## Required action
Return the listing below word for word.

## Data to use
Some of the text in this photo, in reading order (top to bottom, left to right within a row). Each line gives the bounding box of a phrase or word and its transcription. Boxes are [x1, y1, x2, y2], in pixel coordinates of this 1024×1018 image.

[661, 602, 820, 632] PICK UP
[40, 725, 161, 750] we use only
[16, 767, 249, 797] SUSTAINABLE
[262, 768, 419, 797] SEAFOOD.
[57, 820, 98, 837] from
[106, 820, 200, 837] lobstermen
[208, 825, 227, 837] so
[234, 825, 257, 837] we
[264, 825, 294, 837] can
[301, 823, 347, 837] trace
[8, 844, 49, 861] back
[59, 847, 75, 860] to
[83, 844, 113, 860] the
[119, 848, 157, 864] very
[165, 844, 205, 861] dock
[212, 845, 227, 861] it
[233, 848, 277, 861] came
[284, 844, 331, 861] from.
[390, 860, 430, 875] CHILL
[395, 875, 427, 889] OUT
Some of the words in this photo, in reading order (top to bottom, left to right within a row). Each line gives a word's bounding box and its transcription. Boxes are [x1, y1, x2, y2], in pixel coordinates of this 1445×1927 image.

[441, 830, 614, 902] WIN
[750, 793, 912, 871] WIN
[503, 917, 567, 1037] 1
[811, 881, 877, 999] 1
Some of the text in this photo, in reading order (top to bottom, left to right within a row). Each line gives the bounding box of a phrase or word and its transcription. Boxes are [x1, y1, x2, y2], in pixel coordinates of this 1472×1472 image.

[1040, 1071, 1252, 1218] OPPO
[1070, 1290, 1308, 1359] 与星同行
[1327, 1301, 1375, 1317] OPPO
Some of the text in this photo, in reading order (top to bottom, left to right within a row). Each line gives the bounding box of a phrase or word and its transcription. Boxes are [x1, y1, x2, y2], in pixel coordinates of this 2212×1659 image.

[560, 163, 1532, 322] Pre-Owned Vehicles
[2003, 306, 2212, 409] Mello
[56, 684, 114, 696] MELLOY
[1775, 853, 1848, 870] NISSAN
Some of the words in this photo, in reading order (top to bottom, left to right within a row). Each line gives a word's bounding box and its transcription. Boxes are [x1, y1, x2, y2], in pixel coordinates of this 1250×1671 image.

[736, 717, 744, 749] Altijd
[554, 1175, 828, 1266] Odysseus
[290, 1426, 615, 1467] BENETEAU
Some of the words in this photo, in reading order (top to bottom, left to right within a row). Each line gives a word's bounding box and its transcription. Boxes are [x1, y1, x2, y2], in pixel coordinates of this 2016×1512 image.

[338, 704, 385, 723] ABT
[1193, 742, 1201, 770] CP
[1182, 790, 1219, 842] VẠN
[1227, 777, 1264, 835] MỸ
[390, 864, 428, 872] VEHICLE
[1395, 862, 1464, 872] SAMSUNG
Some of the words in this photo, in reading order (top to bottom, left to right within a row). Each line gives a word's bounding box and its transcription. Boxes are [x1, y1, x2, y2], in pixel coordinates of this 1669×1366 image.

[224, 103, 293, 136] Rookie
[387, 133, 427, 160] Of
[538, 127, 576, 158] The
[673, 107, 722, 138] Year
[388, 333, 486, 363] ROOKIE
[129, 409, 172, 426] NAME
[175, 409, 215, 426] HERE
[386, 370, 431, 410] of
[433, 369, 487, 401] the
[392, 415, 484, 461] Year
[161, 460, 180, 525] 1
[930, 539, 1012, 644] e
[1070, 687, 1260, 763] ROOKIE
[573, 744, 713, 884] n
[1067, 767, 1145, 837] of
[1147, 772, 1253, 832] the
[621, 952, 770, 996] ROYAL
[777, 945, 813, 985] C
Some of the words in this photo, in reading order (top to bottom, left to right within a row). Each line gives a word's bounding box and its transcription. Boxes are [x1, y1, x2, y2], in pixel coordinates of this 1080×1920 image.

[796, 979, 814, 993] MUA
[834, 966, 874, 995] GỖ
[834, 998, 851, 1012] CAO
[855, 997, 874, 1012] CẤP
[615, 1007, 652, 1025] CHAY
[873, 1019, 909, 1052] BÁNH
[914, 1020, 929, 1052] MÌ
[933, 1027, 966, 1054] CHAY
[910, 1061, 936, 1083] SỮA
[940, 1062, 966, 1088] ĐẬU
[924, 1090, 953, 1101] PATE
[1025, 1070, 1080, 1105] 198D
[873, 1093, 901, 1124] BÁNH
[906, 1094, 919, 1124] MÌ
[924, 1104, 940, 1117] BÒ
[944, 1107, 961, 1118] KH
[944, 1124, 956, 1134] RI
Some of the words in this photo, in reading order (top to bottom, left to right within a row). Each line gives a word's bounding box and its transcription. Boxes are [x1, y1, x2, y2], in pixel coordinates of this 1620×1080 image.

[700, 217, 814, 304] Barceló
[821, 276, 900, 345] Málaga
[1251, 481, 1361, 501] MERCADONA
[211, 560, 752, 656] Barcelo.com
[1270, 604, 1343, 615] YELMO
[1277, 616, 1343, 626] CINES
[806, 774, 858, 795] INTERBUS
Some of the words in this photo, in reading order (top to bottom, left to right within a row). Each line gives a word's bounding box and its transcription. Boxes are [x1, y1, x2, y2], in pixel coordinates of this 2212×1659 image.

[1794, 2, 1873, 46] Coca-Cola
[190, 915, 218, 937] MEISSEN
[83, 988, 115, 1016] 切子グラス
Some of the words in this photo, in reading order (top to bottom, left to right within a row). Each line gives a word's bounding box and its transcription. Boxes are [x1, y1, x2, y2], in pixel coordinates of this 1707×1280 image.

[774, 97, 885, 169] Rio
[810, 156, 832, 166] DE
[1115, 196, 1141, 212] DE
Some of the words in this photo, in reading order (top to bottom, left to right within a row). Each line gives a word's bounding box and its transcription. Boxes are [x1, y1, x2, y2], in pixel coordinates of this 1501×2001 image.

## Your solution
Some of the text in this photo, in reading order (top to bottom, left to right within a row). Each line gives the bounding box of a phrase or word and its transcription. Boxes are [x1, y1, x2, y2], in pixel coordinates of this 1024×1018 image.

[661, 602, 820, 632] PICK UP
[40, 725, 161, 750] we use only
[16, 767, 249, 797] SUSTAINABLE
[262, 768, 419, 797] SEAFOOD.
[57, 820, 98, 837] from
[106, 820, 200, 837] lobstermen
[208, 825, 227, 837] so
[234, 825, 257, 837] we
[264, 825, 294, 837] can
[301, 823, 347, 837] trace
[8, 844, 49, 861] back
[59, 847, 75, 860] to
[83, 844, 113, 860] the
[119, 848, 157, 864] very
[165, 844, 205, 861] dock
[212, 845, 227, 861] it
[233, 848, 277, 861] came
[284, 844, 331, 861] from.
[390, 860, 430, 875] CHILL
[395, 875, 427, 889] OUT
Some of the words in this photo, in reading order (top to bottom, left to right within a row). Each line gives a word's bounding box and its transcription. Boxes are [x1, y1, x2, y2], in pixel coordinates of this 1445×1927 image.

[441, 830, 614, 902] WIN
[750, 793, 912, 871] WIN
[503, 917, 567, 1037] 1
[811, 881, 877, 999] 1
Some of the text in this photo, in reading order (top to bottom, left to right within a row). Each line gives the bounding box of a phrase or word and its transcription. Boxes are [x1, y1, x2, y2], in pixel coordinates of this 1472×1472 image.

[1040, 1071, 1252, 1218] OPPO
[1070, 1290, 1308, 1359] 与星同行
[1327, 1301, 1375, 1317] OPPO
Some of the text in this photo, in reading order (top to bottom, left to right within a row). Each line gives the bounding box of a phrase or word and its transcription. Boxes are [x1, y1, x2, y2], in pixel coordinates of this 2212×1659 image.

[560, 163, 1532, 322] Pre-Owned Vehicles
[2003, 306, 2212, 409] Mello
[56, 684, 114, 696] MELLOY
[1775, 853, 1848, 870] NISSAN
Some of the words in this photo, in reading order (top to bottom, left to right within a row). Each line gives a word's bounding box and its transcription. Boxes are [x1, y1, x2, y2], in pixel coordinates of this 1250×1671 image.

[736, 717, 744, 749] Altijd
[554, 1175, 828, 1266] Odysseus
[290, 1426, 615, 1467] BENETEAU
Some of the words in this photo, in reading order (top to bottom, left to right within a row). Each line gives a word's bounding box and its transcription. Boxes are [x1, y1, x2, y2], in pixel coordinates of this 2016×1512 image.

[338, 704, 385, 723] ABT
[1193, 742, 1201, 770] CP
[1182, 790, 1219, 842] VẠN
[1227, 777, 1264, 835] MỸ
[390, 864, 428, 872] VEHICLE
[1395, 862, 1464, 872] SAMSUNG
Some of the words in this photo, in reading order (top to bottom, left to right within a row). Each line gives a word's bounding box and its transcription. Boxes are [x1, y1, x2, y2], in pixel coordinates of this 1669×1366 image.

[224, 103, 293, 136] Rookie
[387, 133, 427, 160] Of
[538, 127, 576, 158] The
[673, 107, 722, 138] Year
[388, 333, 486, 363] ROOKIE
[129, 409, 172, 426] NAME
[175, 409, 215, 426] HERE
[386, 370, 431, 410] of
[433, 369, 487, 401] the
[392, 415, 484, 461] Year
[161, 460, 180, 525] 1
[930, 539, 1012, 644] e
[1070, 687, 1260, 763] ROOKIE
[573, 744, 713, 884] n
[1067, 767, 1145, 837] of
[1147, 772, 1253, 832] the
[621, 952, 770, 996] ROYAL
[777, 945, 813, 985] C
Some of the words in this photo, in reading order (top to bottom, left to right within a row). Each line gives a word's bounding box and its transcription. Boxes are [x1, y1, x2, y2], in pixel coordinates of this 1080×1920 image.

[796, 979, 814, 993] MUA
[834, 966, 874, 995] GỖ
[834, 998, 851, 1012] CAO
[855, 997, 874, 1012] CẤP
[615, 1007, 652, 1025] CHAY
[873, 1019, 909, 1052] BÁNH
[914, 1020, 929, 1052] MÌ
[933, 1027, 966, 1054] CHAY
[910, 1061, 936, 1083] SỮA
[940, 1062, 966, 1088] ĐẬU
[924, 1090, 953, 1101] PATE
[1025, 1070, 1080, 1105] 198D
[873, 1093, 901, 1124] BÁNH
[906, 1094, 919, 1124] MÌ
[924, 1104, 940, 1117] BÒ
[944, 1107, 961, 1118] KH
[944, 1124, 956, 1134] RI
Some of the words in this photo, in reading order (top to bottom, left to right within a row). Each line gives a word's bounding box and its transcription. Boxes are [x1, y1, x2, y2], in pixel coordinates of this 1620×1080 image.

[700, 217, 814, 304] Barceló
[821, 276, 900, 345] Málaga
[1251, 481, 1361, 501] MERCADONA
[211, 560, 752, 656] Barcelo.com
[1270, 604, 1343, 615] YELMO
[1277, 616, 1343, 626] CINES
[806, 774, 858, 795] INTERBUS
Some of the words in this photo, in reading order (top to bottom, left to right within a row). Each line gives a word's bounding box and its transcription. Boxes are [x1, y1, x2, y2], in pixel coordinates of this 2212×1659 image.

[1794, 2, 1873, 46] Coca-Cola
[190, 915, 218, 937] MEISSEN
[83, 988, 115, 1016] 切子グラス
Some of the words in this photo, in reading order (top to bottom, left to right within a row). Each line gives a word's bounding box and its transcription. Boxes are [x1, y1, x2, y2], in pixel coordinates of this 1707×1280 image.

[774, 97, 885, 169] Rio
[810, 156, 832, 166] DE
[1115, 196, 1141, 212] DE
Some of the words in this photo, in reading order (top to bottom, left to right within a row). Each line gives a word's bounding box and its transcription. Boxes are [x1, y1, x2, y2], in pixel coordinates of this 1501×2001 image.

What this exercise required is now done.